Accurate, one-to-one translation/conveyance of meaning is impossible; even between two speakers of the same language. Communication becomes something else, something independent. The German theorist, Niklas Luhmann, has some interesting ideas in this area. It's a deeply counter-intuitive way of seeing things - and useful as an instrument to challenge one's own assumptions, even if you don't go all the way with him.

Nobody - as far as I know - has translated Luhmann's major works from German into English. Understandably - it's hard enough trying to figure out what exactly he's saying in one language without trying to express it in another, and when you move to his discussions and arguments with Habermas (another German master of the complicated obtuse) ... forgeddaboudit!

Though translation programmes have improved in the past decade, they're still a long way from being good. Because "meaning"/"sense" is always contextual (human subjective contextual), therefore always fluid and shifting. This is more than just "fuzzy logic." I suspect we will need genuine AI as the basis of operating systems to make them really work. Two people from different lingusitic backrounds with very limited vocabularies can communicate better - agree that they have achieved some kind of understanding - than a programme which has access to comprehensive dictionaries.
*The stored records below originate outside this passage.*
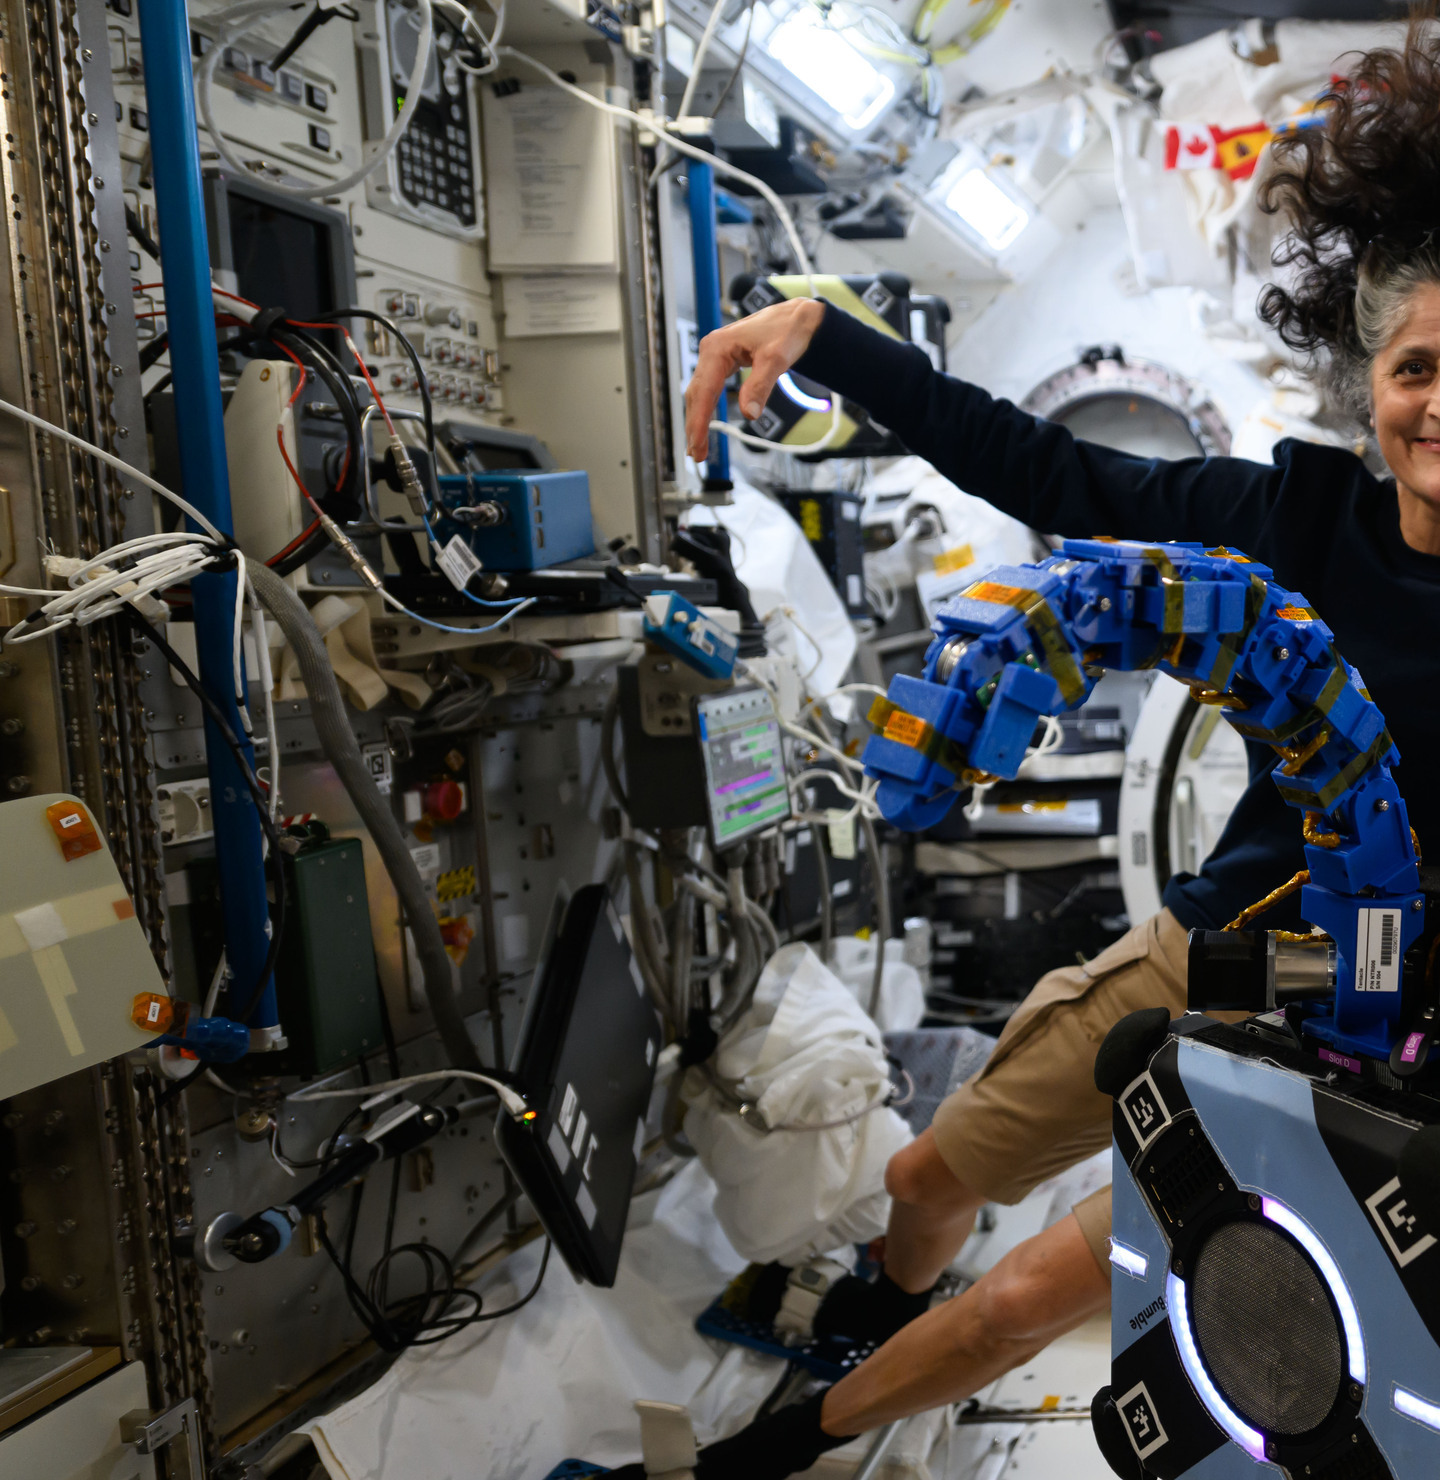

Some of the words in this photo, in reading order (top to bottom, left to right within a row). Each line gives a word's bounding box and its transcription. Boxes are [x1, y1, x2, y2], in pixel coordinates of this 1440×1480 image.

[64, 816, 78, 825] LOOP
[1328, 1053, 1342, 1066] Slot
[1343, 1058, 1350, 1068] D
[1129, 1296, 1166, 1330] Bumble
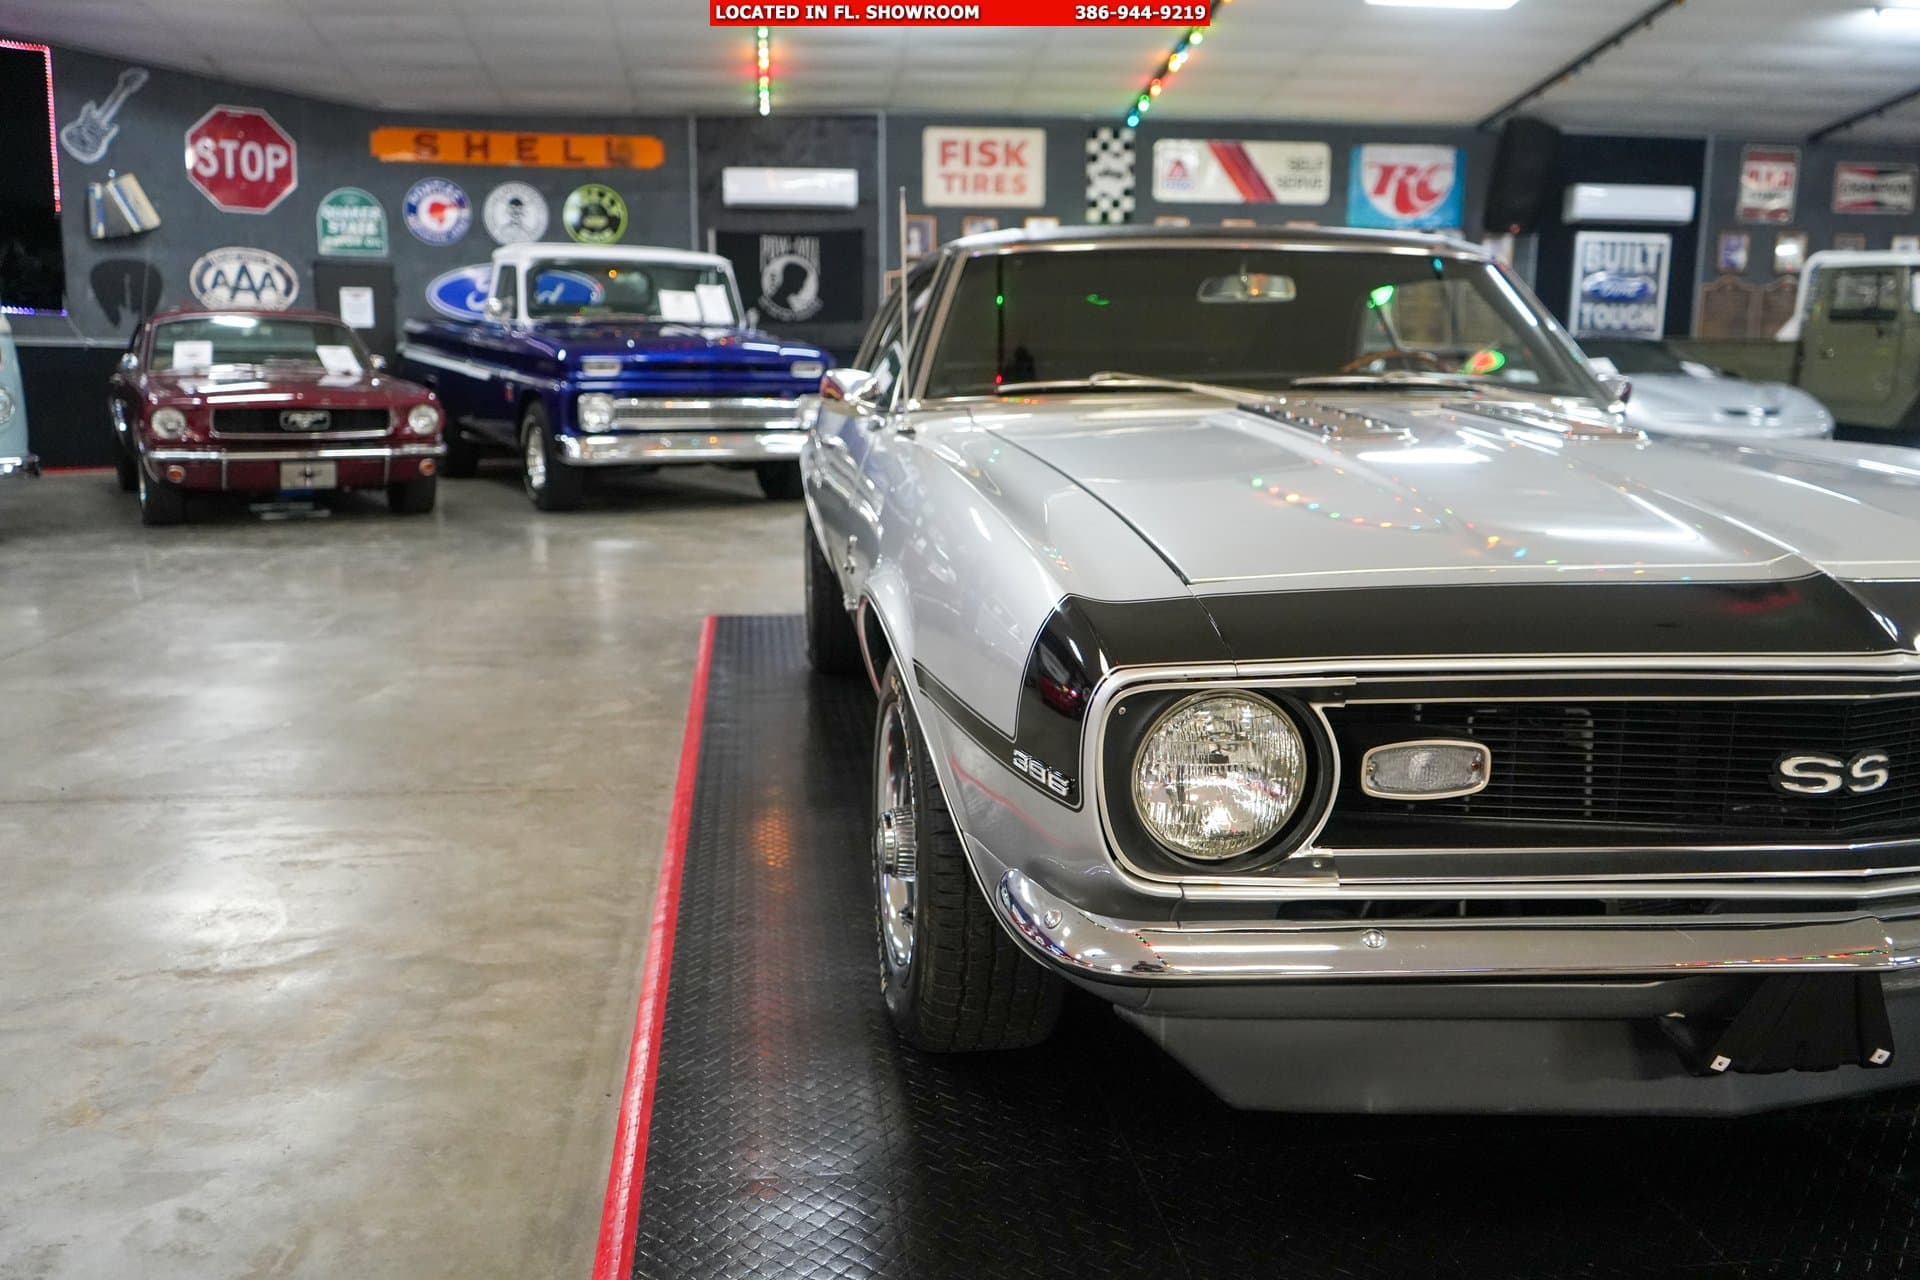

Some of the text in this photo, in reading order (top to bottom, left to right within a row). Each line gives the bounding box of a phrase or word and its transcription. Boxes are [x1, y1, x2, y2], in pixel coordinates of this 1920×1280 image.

[195, 136, 289, 183] STOP
[413, 132, 622, 167] SHELL
[938, 139, 1030, 168] FISK
[1286, 159, 1324, 172] SELF
[940, 173, 1028, 195] TIRES
[1368, 161, 1451, 215] RC
[327, 220, 378, 235] STATE
[1584, 241, 1664, 274] BUILT
[211, 263, 278, 300] AAA
[1580, 302, 1656, 332] TOUGH
[1779, 754, 1890, 794] SS
For the past months I've been formally studying - in the academic sense - in German. Kulturwissenschaft at that. It's a weird experience - there's stuff I can understand better in English, other stuff works better in German. There isn't even a good translation of the subject I'm doing my Masters in. A literal English translation of Kulturwissenschaft would be "cultural science" but English academia generally calls it "cultural studies." Which, when you think about it, means something else. Well, it's a post-modernist phenomenon anyway, which, arguably, allows one to be multidimensional with reference to meaning!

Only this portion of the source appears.